Martin: Petition for writ of mandamus; TRAC standard
/Martin v. O’Rourke, 891 F.3d 1338 (June 7, 2018)
HELD: The multi-factorial TRAC standard is the appropriate standard for the CAVC to use in evaluating petitions for writs of mandamus based on unreasonable delay.
SUMMARY: In evaluating mandamus petitions based on unreasonable delay, the Court has applied the standard from Costanza v. West, 12 Vet.App,. 133 (1999) (per curiam), that requires a petitioner to demonstrate that “the delay he complains of is so extraordinary, given the demands and resources of the Secretary, that the delay amounts to an arbitrary refusal to act, and not the product of a burdened system.”

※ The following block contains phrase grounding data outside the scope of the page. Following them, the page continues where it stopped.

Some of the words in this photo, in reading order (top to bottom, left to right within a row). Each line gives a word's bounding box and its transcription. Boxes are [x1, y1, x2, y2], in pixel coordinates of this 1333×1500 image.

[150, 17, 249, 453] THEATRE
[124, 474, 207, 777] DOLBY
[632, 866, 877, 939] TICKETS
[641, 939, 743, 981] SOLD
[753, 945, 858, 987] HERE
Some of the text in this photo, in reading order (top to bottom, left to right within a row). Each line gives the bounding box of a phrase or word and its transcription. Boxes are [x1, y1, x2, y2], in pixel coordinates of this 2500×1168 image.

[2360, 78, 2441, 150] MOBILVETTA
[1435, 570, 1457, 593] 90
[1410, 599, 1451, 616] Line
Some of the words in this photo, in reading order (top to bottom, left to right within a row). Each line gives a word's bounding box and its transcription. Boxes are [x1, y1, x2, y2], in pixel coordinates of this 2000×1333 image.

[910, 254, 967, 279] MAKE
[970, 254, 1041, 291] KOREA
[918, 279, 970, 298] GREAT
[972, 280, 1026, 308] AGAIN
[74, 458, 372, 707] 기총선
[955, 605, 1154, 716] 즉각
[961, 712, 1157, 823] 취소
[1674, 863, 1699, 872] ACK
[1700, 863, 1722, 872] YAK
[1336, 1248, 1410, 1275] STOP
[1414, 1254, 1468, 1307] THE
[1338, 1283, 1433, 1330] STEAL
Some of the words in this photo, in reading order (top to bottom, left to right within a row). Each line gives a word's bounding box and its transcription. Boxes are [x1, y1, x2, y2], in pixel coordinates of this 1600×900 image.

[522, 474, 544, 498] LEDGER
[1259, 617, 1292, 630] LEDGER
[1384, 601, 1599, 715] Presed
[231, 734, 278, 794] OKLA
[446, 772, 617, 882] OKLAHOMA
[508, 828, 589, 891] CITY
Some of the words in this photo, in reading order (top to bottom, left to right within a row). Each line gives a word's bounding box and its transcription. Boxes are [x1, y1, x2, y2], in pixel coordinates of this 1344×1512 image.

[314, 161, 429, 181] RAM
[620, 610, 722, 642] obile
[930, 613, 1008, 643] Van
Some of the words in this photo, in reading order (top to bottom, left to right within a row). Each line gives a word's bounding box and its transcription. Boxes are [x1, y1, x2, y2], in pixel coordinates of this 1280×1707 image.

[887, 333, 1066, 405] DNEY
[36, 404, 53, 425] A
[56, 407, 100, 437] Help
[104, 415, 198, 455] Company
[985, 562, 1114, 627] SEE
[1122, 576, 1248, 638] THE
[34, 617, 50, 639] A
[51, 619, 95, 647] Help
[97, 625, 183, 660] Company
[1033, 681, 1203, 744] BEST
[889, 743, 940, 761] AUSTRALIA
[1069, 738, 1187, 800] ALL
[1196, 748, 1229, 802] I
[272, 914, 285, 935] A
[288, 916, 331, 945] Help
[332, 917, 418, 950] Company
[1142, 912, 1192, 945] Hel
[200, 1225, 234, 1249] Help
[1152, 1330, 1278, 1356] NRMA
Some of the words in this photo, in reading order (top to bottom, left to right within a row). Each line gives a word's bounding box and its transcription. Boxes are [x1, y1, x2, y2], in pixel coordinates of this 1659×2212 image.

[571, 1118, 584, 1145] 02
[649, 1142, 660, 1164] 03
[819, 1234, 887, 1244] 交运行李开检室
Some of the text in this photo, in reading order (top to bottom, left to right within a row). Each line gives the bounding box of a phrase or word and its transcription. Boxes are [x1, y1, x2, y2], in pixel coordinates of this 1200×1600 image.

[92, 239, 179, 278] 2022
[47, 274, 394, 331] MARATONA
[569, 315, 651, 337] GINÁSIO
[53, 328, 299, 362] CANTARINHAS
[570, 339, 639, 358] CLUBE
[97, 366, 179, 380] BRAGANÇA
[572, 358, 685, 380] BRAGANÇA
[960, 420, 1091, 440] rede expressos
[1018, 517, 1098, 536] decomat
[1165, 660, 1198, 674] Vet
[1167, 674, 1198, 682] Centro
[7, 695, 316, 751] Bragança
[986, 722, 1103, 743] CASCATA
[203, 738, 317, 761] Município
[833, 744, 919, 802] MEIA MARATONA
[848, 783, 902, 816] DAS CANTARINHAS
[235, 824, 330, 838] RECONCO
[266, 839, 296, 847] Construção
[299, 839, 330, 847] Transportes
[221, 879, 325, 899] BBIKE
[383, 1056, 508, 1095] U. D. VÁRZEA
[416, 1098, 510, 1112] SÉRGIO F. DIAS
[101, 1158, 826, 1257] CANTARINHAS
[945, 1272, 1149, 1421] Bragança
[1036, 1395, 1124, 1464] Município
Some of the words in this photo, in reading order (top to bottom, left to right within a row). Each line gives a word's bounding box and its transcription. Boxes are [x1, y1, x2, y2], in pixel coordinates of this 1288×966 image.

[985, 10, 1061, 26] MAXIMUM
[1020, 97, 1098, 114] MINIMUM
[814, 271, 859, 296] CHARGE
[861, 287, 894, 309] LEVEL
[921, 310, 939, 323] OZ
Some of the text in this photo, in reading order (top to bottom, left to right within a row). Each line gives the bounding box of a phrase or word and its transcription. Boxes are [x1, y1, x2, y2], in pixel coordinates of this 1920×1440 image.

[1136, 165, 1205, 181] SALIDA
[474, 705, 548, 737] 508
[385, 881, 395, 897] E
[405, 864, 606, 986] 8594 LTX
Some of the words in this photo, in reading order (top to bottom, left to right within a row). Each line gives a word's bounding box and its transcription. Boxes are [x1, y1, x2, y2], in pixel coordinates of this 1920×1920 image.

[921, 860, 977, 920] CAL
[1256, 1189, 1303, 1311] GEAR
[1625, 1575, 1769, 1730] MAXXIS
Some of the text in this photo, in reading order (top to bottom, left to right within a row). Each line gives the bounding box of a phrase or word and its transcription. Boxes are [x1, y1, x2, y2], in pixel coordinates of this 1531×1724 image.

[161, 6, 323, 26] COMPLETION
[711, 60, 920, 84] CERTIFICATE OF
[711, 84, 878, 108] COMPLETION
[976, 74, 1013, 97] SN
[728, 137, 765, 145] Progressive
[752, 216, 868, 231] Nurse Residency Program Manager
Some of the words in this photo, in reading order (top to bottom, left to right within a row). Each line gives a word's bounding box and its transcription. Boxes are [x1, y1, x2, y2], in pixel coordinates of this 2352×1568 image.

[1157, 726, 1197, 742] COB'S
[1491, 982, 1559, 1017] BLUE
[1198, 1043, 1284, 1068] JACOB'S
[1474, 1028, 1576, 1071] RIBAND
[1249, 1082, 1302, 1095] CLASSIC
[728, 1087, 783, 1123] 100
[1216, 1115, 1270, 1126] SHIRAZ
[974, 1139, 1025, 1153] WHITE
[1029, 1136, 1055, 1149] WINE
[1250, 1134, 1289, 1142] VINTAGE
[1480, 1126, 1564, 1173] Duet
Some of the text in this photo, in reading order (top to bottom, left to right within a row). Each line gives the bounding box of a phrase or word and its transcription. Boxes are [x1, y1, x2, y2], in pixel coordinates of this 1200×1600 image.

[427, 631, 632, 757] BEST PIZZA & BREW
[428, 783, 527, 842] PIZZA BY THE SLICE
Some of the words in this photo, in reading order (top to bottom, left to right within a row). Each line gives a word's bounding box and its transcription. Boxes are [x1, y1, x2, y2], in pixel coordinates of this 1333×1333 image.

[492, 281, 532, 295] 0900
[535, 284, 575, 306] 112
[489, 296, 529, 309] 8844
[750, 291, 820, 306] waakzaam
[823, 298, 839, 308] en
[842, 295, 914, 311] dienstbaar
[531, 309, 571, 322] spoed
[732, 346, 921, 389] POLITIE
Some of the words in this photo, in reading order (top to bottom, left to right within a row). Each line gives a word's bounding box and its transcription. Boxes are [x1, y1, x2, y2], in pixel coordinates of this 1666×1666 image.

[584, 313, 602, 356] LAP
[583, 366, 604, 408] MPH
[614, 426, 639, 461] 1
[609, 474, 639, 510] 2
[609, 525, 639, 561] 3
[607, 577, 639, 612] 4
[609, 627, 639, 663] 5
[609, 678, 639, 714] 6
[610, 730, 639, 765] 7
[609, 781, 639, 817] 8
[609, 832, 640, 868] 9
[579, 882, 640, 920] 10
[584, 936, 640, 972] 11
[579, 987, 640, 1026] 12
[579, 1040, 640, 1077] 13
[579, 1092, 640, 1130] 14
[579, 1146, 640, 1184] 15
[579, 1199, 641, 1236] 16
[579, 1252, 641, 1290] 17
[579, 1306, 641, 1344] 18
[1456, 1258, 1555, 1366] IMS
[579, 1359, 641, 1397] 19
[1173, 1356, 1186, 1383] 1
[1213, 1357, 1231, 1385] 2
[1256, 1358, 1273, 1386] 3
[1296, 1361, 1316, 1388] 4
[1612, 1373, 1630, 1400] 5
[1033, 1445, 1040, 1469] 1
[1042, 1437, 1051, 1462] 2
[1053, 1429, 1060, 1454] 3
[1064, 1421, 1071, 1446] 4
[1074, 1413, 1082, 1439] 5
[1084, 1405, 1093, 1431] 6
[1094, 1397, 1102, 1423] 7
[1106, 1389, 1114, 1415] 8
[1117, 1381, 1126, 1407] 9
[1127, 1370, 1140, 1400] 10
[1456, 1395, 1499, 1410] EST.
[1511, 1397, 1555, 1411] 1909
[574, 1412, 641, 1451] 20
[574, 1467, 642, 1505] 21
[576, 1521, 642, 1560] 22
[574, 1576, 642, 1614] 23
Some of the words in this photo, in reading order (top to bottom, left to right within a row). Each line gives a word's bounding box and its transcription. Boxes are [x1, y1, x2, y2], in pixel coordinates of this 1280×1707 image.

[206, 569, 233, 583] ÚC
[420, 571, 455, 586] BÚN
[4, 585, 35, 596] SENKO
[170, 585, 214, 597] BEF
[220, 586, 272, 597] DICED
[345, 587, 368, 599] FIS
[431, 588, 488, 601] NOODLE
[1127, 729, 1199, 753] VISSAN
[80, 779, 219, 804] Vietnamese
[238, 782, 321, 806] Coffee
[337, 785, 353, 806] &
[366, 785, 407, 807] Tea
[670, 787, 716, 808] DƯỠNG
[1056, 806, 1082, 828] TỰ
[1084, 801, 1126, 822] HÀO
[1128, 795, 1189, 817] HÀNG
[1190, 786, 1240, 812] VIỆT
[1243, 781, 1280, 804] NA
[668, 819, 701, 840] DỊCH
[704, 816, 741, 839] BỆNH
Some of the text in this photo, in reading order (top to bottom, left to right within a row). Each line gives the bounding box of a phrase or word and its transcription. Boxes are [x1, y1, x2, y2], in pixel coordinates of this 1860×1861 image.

The Federal Circuit held that this standard was “insurmountable,” and that the more appropriate standard was the one set forth in Telecomms. Research & Action Ctr. v. FCC (“TRAC”), 750 F.2d 70, 76 (D.C. Cir. 1984). The Federal Circuit noted that other courts have used the TRAC standard when evaluating petitions based on an administrative agency’s unreasonable delay – and found that the TRAC framework was more appropriate than the CAVC’s current Constanza standard.
The TRAC framework requires courts to consider six factors:
(1) the time agencies take to make decisions must be governed by a “rule of reason”;
(2) where Congress has provided a timetable or other indication of the speed with which it expects the agency to proceed in the enabling statute, that statutory scheme may supply content for this rule of reason;
(3) delays that might be reasonable in the sphere of economic regulation are less tolerable when human health and welfare are at stake;
(4) the court should consider the effect of expediting delayed action on agency activities of a higher or competing priority;
(5) the court should also take into account the nature and extent of the interests prejudiced by delay; and
(6) the court need not find “any impropriety lurking behind agency lassitude” in order to hold that agency action is unreasonably delayed.
The Federal Circuit remanded for the CAVC to use the TRAC framework as guidance in evaluating petitions based on delay.